Bay City Park
- Interactive map of Bay City Park
- Location: 54 Andersons Road, Auckland, New Zealand
- Coordinates: 36°43′04″S 174°43′23″E﻿ / ﻿36.717850°S 174.723182°E
- Owner: Auckland Council
- Operator: Auckland Council
- Capacity: 1,000
- Surface: Grass Pitch

Construction
- Opened: 22 June 1991; 35 years ago

Tenant
- East Coast Bays AFC (1991–present)

Website
- Auckland Council

= Bay City Park =

Multi-purpose stadium

Bay City Park, is a multi-purpose stadium in the suburb of Oteha in Auckland, New Zealand. It is used for football matches and cricket and is the home stadium of Northern League side East Coast Bays.

==History==
In 1991, Bay City Park was opened as the new home of East Coast Bays.
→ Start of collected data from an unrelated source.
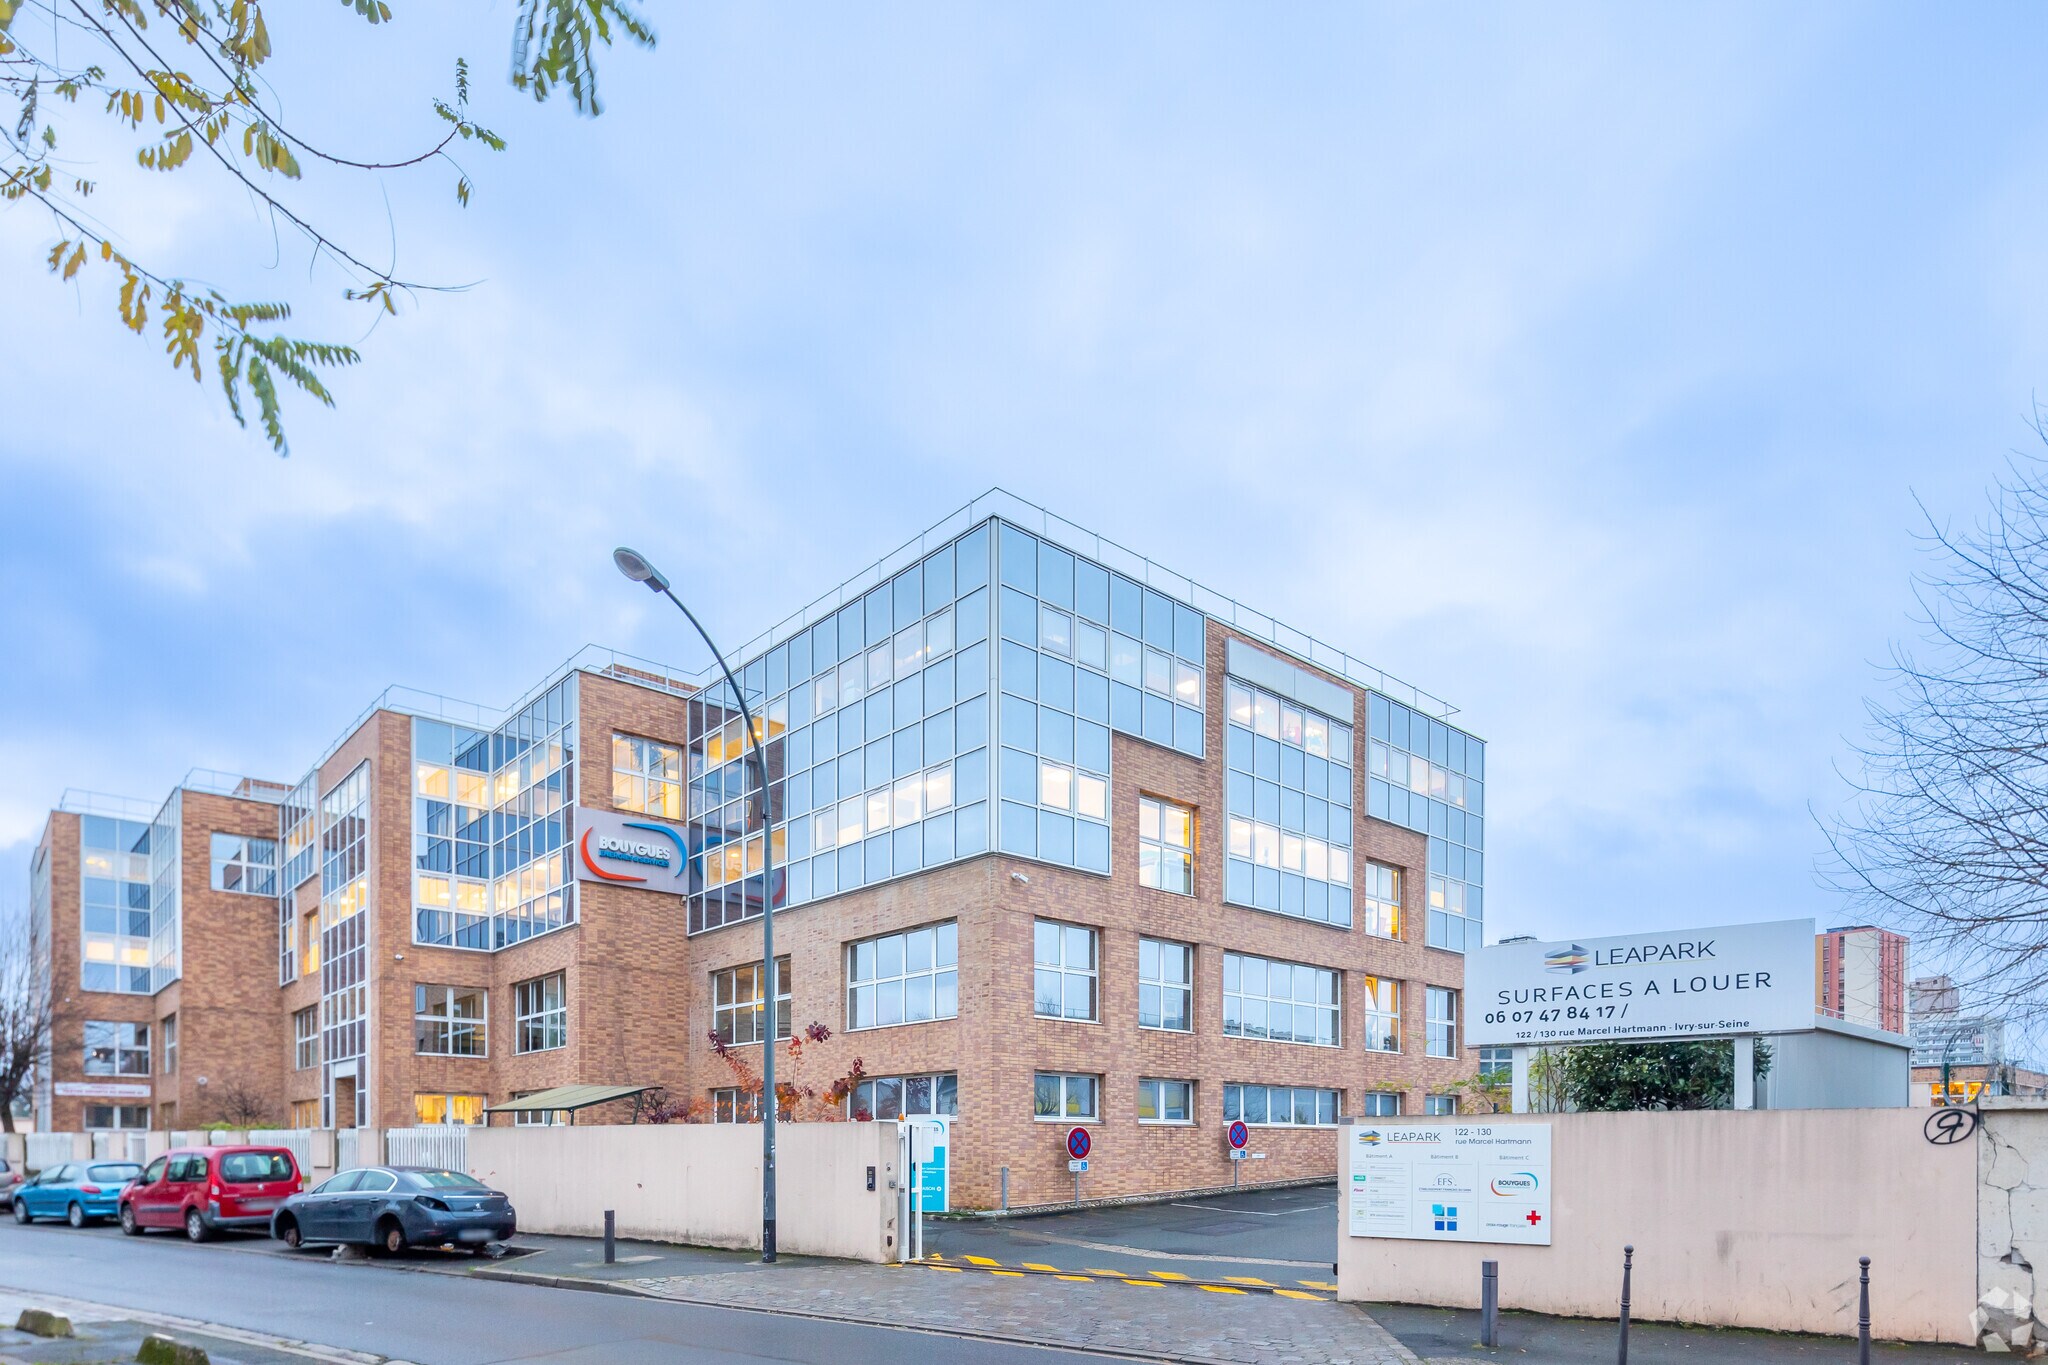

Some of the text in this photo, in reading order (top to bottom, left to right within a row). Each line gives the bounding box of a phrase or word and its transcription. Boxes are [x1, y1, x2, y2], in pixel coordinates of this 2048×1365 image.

[598, 835, 671, 860] BOUYGUES
[1595, 940, 1716, 966] LEAPARK
[1498, 972, 1772, 1005] SURFACES A LOUER
[1485, 1003, 1629, 1024] 06 07 47 84 17 /
[1516, 1031, 1532, 1039] 122
[1533, 1030, 1539, 1039] /
[1540, 1030, 1557, 1038] 130
[1577, 1026, 1611, 1036] Marcel
[1614, 1024, 1667, 1035] Hartmann
[1675, 1020, 1750, 1032] Ivry-sur-Seine
[1387, 1132, 1442, 1142] LEAPARK
[1454, 1128, 1469, 1136] 122
[1477, 1128, 1492, 1136] 130
[1437, 1177, 1453, 1186] EFS
In September 2022, FIFA announced that Bay City Park was shortlisted to be a team base camp for the 2023 FIFA Women's World Cup. On 12 December 2022, it was announced Bay City Park would be used as the training ground for the United States during the tournament. As part of being a host venue, Bay City Park received upgrades to the lower fields in order to be up to international standard. The changing rooms were also upgraded including expanding two of them and having heating installed in the club rooms. For the World Cup, a temporary gym tent was built and carpeted in the carpark with gym machines and equipment as well. On the lower fields a temporary office and operations complex were also installed.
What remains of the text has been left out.